In a nutshell: Hanging upside down from the ceiling on silk ropes. While doing yoga.

What is it: Swing yoga involves two bands hanging from the ceiling, a little wider than shoulder-width apart. On the bottom of the bands, you hang a wide piece of silk material, which becomes your swing. You can adjust how high or low the swing hangs on the bands, so it can be skimming the floor, or level with your chest (and anywhere in between). You use the swing as a versatile support to help you get the most out of your yoga poses, as it enables you to stretch further and deeper into the movement. The swing also enables you to do full inversions (meaning postures which require you to be upside down),

What’s it like: On arrival, the ropes and silk swing looked pretty intricate. I would never have thought that 15 minutes later I would be hanging upside down, by my legs, dangling a foot from the floor with my palms pressed together in front of me like a bona fide yogi.

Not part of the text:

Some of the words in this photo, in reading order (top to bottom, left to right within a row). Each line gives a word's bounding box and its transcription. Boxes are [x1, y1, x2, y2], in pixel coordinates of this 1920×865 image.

Nor would I have thought that I would have enjoyed it. However, focusing on the new techniques keeps your mind busy so the time absolutely flashes past and, at the end of the session, I found I was quite disappointed to be finished – I was really enjoying it. In addition to the hanging upside down bits, we used the swings to do other poses, such as downward facing dog (the swing goes under your hips pulling them up high, so you get a really good stretch down your limbs and spine). At the end, we wrapped ourselves in the swings like we were in little personal hammock cocoons for a short meditation.

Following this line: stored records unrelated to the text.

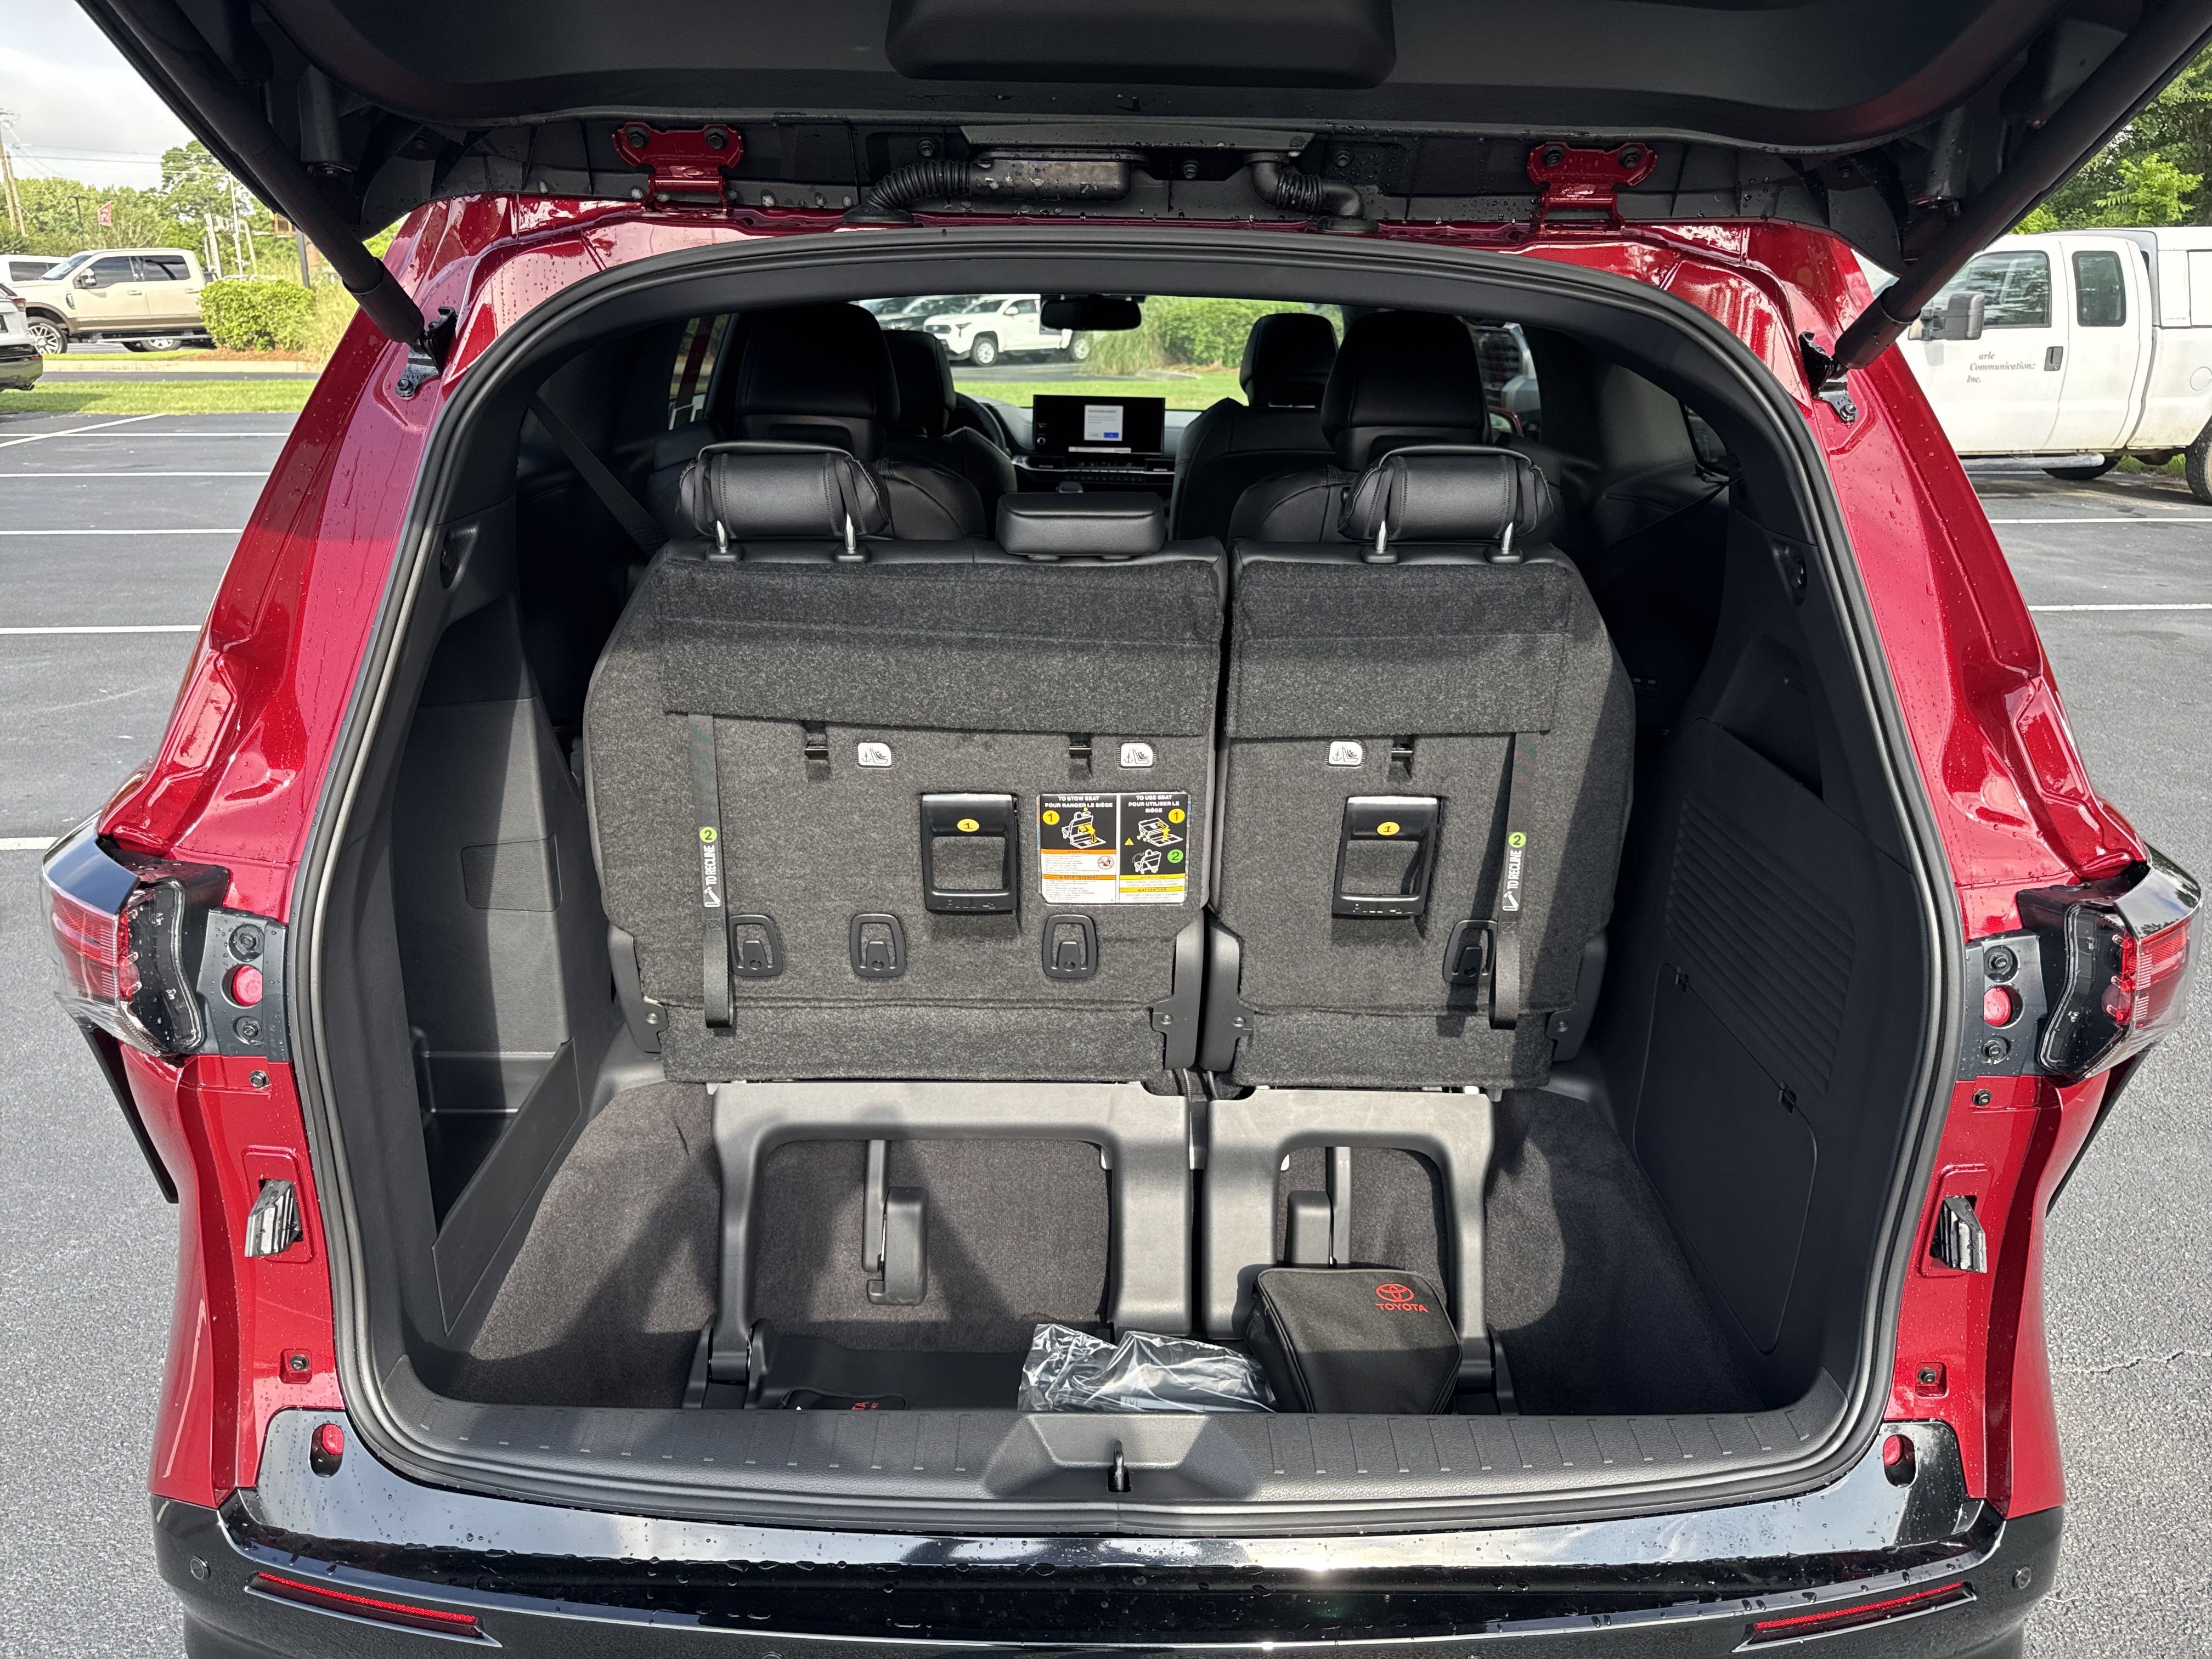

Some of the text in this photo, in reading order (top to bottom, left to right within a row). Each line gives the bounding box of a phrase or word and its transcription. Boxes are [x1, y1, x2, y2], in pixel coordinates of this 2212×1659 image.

[1970, 362, 2036, 371] Communications
[704, 830, 713, 840] 2
[1513, 835, 1521, 845] 2
[1171, 851, 1180, 861] 2
[703, 845, 717, 885] TO RECLINE
[1507, 849, 1522, 890] TO RECLINE
[1376, 1303, 1428, 1313] TOYOTA

After the session, I could feel the intensity of the stretches in my muscles – there’s no doubt it’s a good workout. Helene Cooper, a personal trainer and swing yoga instructor at Fitness First says, “I first tried swing yoga here in Dubai and it has not only completely changed my yoga practice, but also what it has taught me about my body has completely changed my approach to my personal practice and to my teaching. It’s so effective because the swing allows us to really get deep into a pose. This can allow those already advanced in yoga to further develop their practice, but also can help beginners by directing their bodies into finding the correct alignment. You get into the pose more effectively and, as a result, improve your flexibility within this correct alignment rather than simply hanging from your ligaments, or sitting on your bones, as many tend to do in other types of yoga.”

Difficulty rating: It’s not that difficult to do, but you need to have some faith in yourself,

Need to know: Not good for people with high blood pressure, but fine for pregnant mothers.

Details: Swing yoga is held at two Fitness First locations: Jumeirah Beach Park (Mondays at 7pm; Tuesdays at 4.30pm; Thursdays at 10.30am; and Friday at 9.30am) and at Motor City (Sundays at 8.15am and 7pm; Tuesdays at 6pm; and Wednesdays at 9.30am). Sessions cost Fitness First members Dh40 for one class, Dh175 for five, or Dh300 for ten. Visit www.fitnessfirstme.com.

Acro yoga

In a nutshell: Acrobatics involving yoga poses and trust. A lot of trust.

What is it: Acro yoga, also known as flying yoga, has two branches: one that combines acrobatics, yoga and the performing arts; and one that combines acrobatics, yoga and Thai massage. It involves three people: the base (who lies down on their back on the floor and supports someone else on their feet); the flyer (who balances on the upturned feet of the base and does yoga poses); and the spotter (who makes sure the other two don’t end up in a crumpled heap on the floor).

What’s it like: It’s quite intimidating to watch the experts at work as the moves look pretty intense and like you need an enormous amount of strength, flexibility and grace. However, the classes start slowly and edge you into it with some simple trust-building exercises, such as two people facing each other, holding hands and leaning backwards. Once you get into the actual poses and there are three of you, it’s more about being able to balance and get a good stretch out of the poses than about standing on your head. Sandy Edwards, acro yoga instructor, says, “About two years ago I attended an acro yoga class here in Dubai with a visiting teacher. At the end of the class she ‘flew’ me and that was it – I was totally hooked! I love this practice so much... It’s strengthening and relaxing, exhilarating and calming, and always fun. And while the poses look spectacular, they are mostly very easy. We work with bone-stacking and, therefore, the weight of another person’s entire body is really not heavy. When the alignment is correct, the postures are easy and enjoyable.” You only have to look at acro yoga-ists to see how beneficial it is to your physique – they are all taut, toned, flexible machines. Being the base is great weight-bearing exercise, which nourishes the bones, and flying is excellent all-over body conditioning.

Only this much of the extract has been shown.